I'm indebted to a friend of mine for this month's post. She was having a clear-out, and decided that a pile of books which had belonged to her grandfather finally had to go. Most of them went to Glastonbury Rural Life Museum - but I managed to divert a few of them my way. Here's one of them.
You should just about be able to say that the inscription inside the book is dated 1905, and says:
Rowland Edgar Weston
From his Mother
on his sixth Birthday.
The publishers are EP Dutton & Co New York, and Ernest Nister London. It's a collection of verses, short stories and nursery rhymes: a few are credited to the author, but many aren't - and I can't see any credits to the illustrator.
Of course, they are very clearly from a bygone age. But the illustrations are charming, I think. Here's a poem about curly hair.
This - below - is not the kind of story you'd find in a modern book. I think you should just about be able to read it - it's about Jessie, whose twin brother Philip catches measles, leaving her bored and with nothing to do. But Mother reproaches her, saying: "I would not cry so much, or you will melt away like the sugar princess on the cake." Suitably chastened, Jessie trots off for a walk and comes back with a huge bunch of daisies and grass, which she puts into a pink mug and takes to Philip, who is "so pleased." (Really?) And that's it. Nothing like a nice little moral message.

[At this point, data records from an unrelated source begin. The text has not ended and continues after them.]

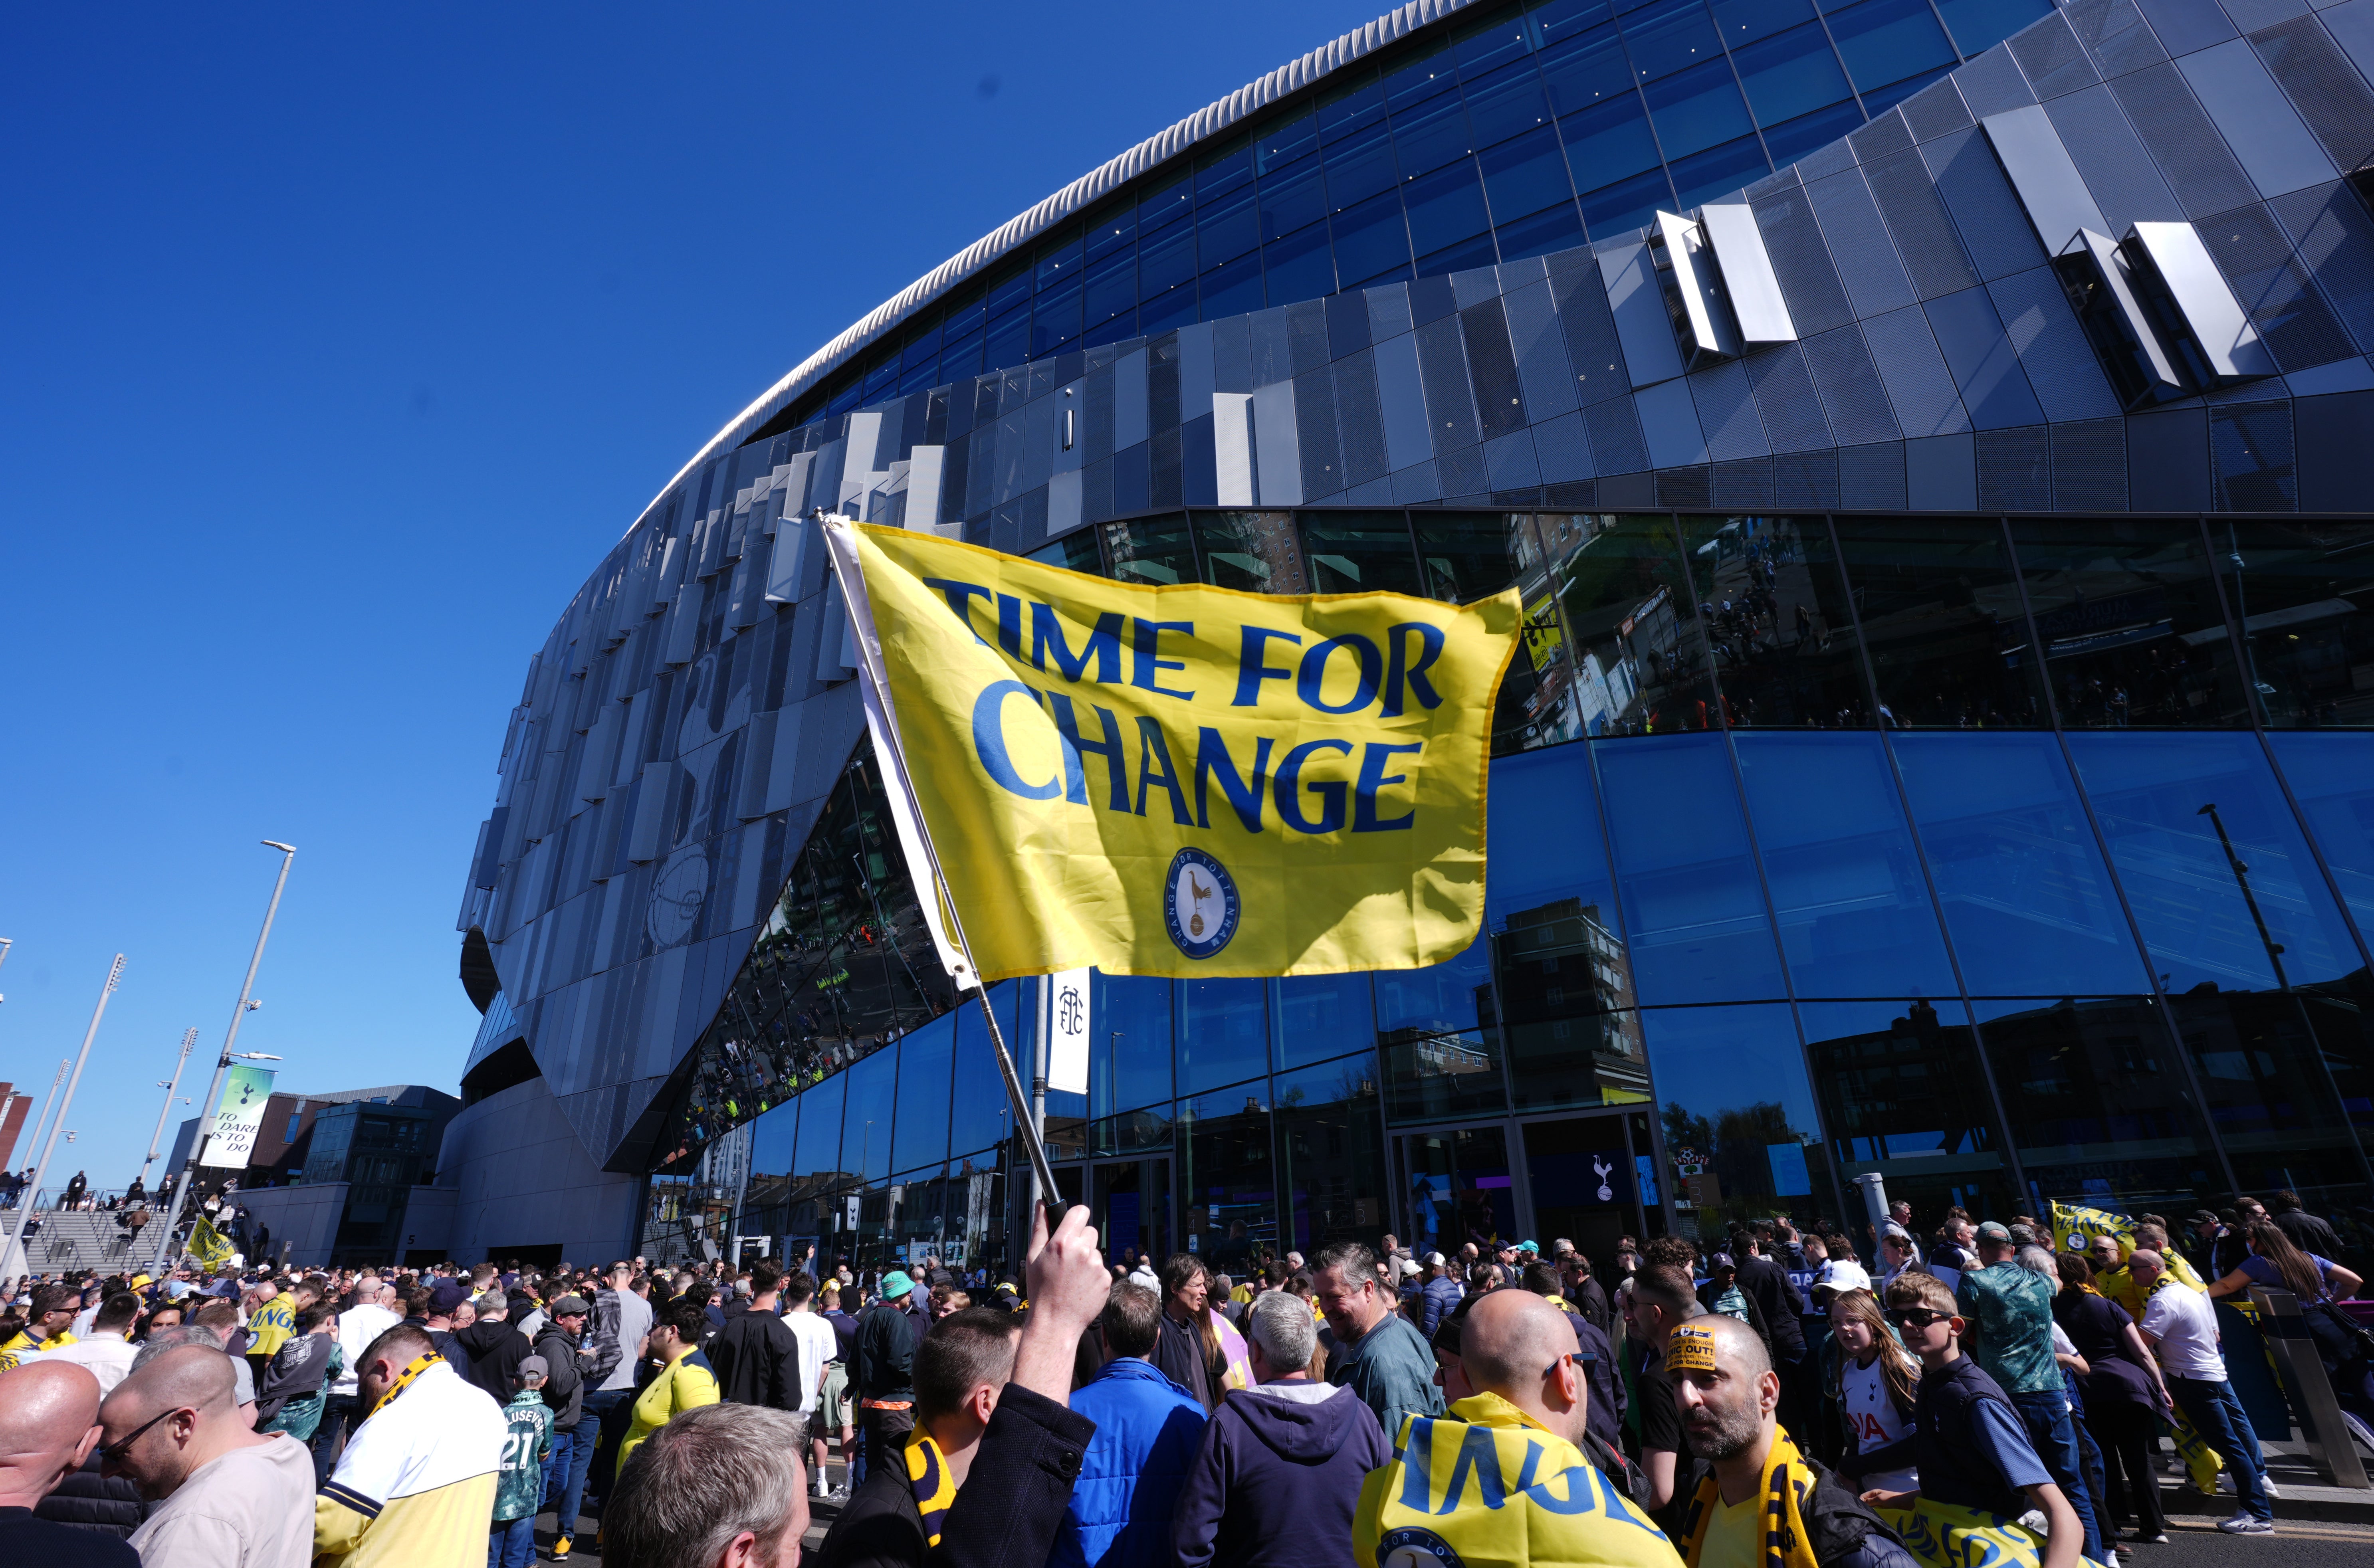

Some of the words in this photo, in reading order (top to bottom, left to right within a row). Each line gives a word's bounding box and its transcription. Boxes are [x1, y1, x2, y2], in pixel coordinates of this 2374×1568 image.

[923, 577, 1195, 701] TIME
[1231, 622, 1445, 718] FOR
[972, 679, 1423, 836] CHANGE
[1176, 853, 1192, 870] FOR
[1203, 857, 1235, 946] TOTTENHAM
[218, 1112, 237, 1121] TO
[220, 1123, 260, 1133] DARE
[209, 1131, 224, 1140] IS
[227, 1133, 246, 1142] TO
[226, 1143, 249, 1152] DO
[1690, 1186, 1702, 1204] 3
[1357, 1209, 1365, 1224] 3
[1189, 1219, 1196, 1232] 4
[407, 1235, 416, 1245] 5
[990, 1229, 995, 1241] 4
[210, 1235, 231, 1252] FOR
[1686, 1345, 1713, 1356] OUT!
[505, 1410, 544, 1437] LUSEVSKI
[500, 1433, 534, 1470] 21
[1383, 1532, 1410, 1551] FOR
[1427, 1538, 1455, 1566] TOT

But this is the one I know you're all going to love. It predicts our girl's future. Just in case you can't read it, here are the last two verses:
When I'm in the twenties,
I'll be like Sister Joe;
I'll wear the sweetest dresses
(and maybe, have a beau!).
I'll go out in the evening,
and wear my hair up high
And not a girl in all the town
shall be as good as I
When I'm in the thirties,
I'll be just like Mamma;
And, maybe, I'll be married
to a splendid big Papa.
I'll cook, and bake, and mend,
and mind, and grow a little fat
But Mother is so sweet and nice,
I'll not object to that.
Isn't it sweet? I think Dickens would have approved. It looks as if young Rowland enjoyed it: it's well-used, and he's coloured in some of the pictures and even drawn one of his own at the back, of a house with a hedge beside it with a gate. I love it!

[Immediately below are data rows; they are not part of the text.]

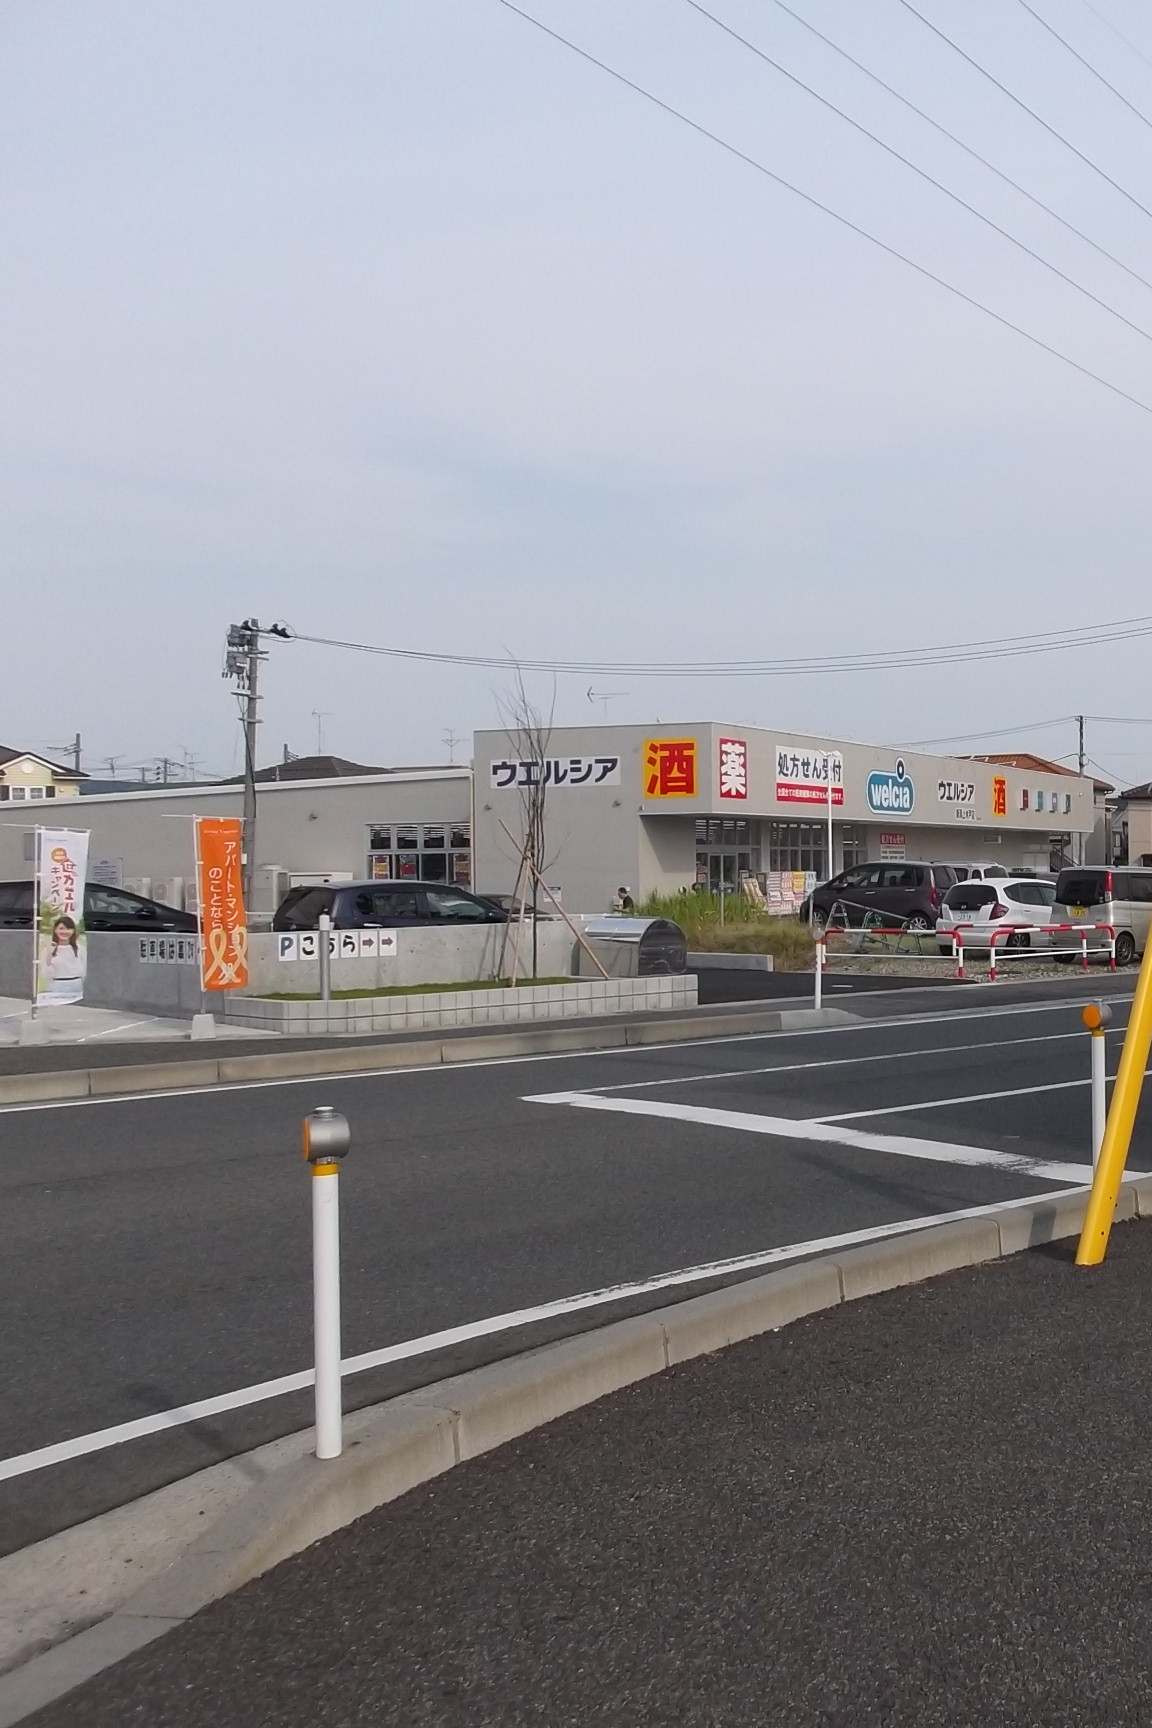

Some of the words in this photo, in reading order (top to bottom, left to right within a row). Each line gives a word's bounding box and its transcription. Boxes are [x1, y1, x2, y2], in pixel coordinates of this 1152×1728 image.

[492, 757, 618, 787] ウエルシア
[646, 742, 694, 795] 酒
[720, 742, 747, 796] 薬
[870, 772, 911, 808] welcia
[938, 780, 974, 801] ウエルシア
[994, 777, 1006, 814] 酒
[209, 867, 223, 931] のことなら

NB - this post first appeared on 'The History Girls' three years ago.
3 comments:
I suppose all children's writing, including what we write now, is propaganda: instructiion books on the attitudes we want/expect children to develop. (Discuss, nn one side of the paper only.)
We only see it clearly in books from the past, like this. But what a lovely way to be able to study past attitudes. I rather envy you this book.
What a gorgeous book!
Thanks, Susan and Anne!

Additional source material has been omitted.